What the Mustang One symbolized was that Ford was entering uncharted territory. It would be the first American motor company to seriously enter the European defined and dominated World Sportscar Manufacturers Championship. To undertake this action Ford found itself in the most unlikely position of Starting from Scratch.
When the father of the Falcon, Robert Strange McNamara, was invited to join JFK’s administration in January 1960 it signaled a change within Ford. The Falcon had been Ford’s first foray into the brave new world of compact cars. Its rather staid appearance reflected not only McNamara’s automotive vision, but that of the late fifties’ buying public; compact cars were economical transportation. Period. The Falcon’s sales numbers of 400 thousand annually had certainly validated McNamara’s interpretation of a compact economy car.
McNamara’s young replacement saw things differently. The thirty-six year old Lee Iacocca noticed the accessories being bought for the Falcons.
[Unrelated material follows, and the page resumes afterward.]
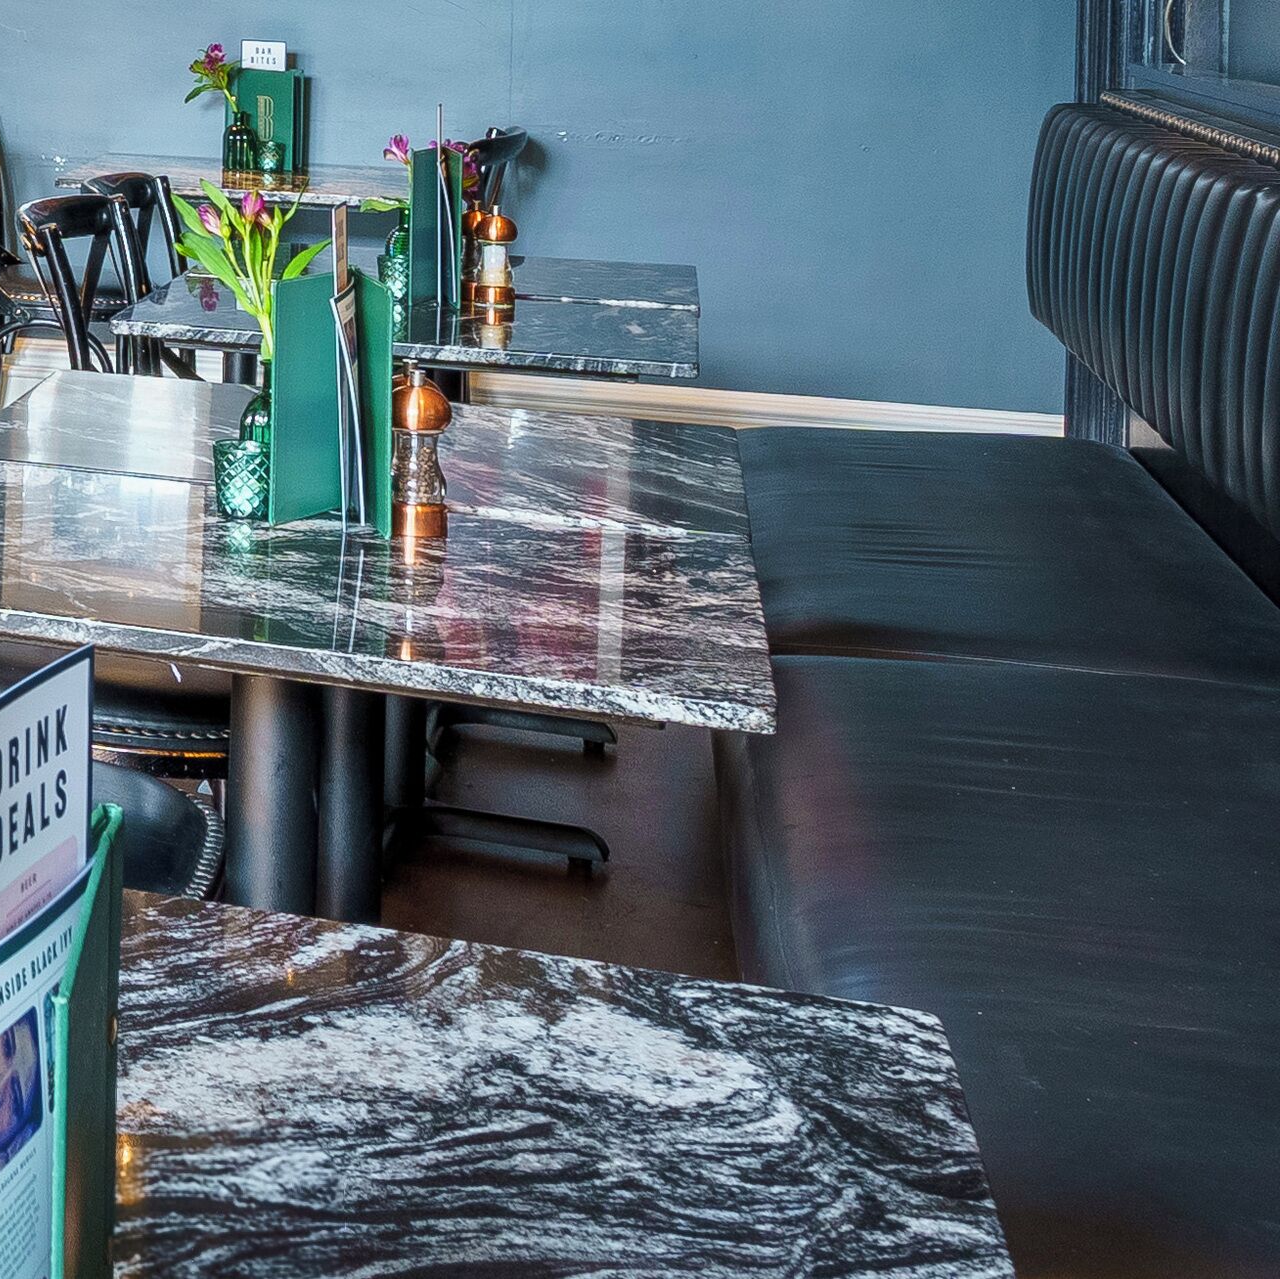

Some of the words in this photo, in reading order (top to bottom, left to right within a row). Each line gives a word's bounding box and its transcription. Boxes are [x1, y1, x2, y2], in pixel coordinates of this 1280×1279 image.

These showroom add-ons implied that the compact was being seen as something more than mere brownbag transport. Interior trim upgrades and performance options showed the Falcon buyer was reinterpreting Ford’s economy car as a small sporty car. A broader social implication lay within these purchasing statistics; there was a sea change about to envelop the American automobile industry. What Iacocca saw was a large, well educated generation in America’s demographic future. The very definition of the car buyer.
There was one small problem for Ford in this promise of a greatly expanding youth market, Dearborn’s image, or lack of one. The Blue Oval was firmly attached to the Country Squire and the functional economy of the Falcon in the public mind. Products targeted at an aging parental demographic would hardly inspire this new performance minded market to stampede into Ford showrooms.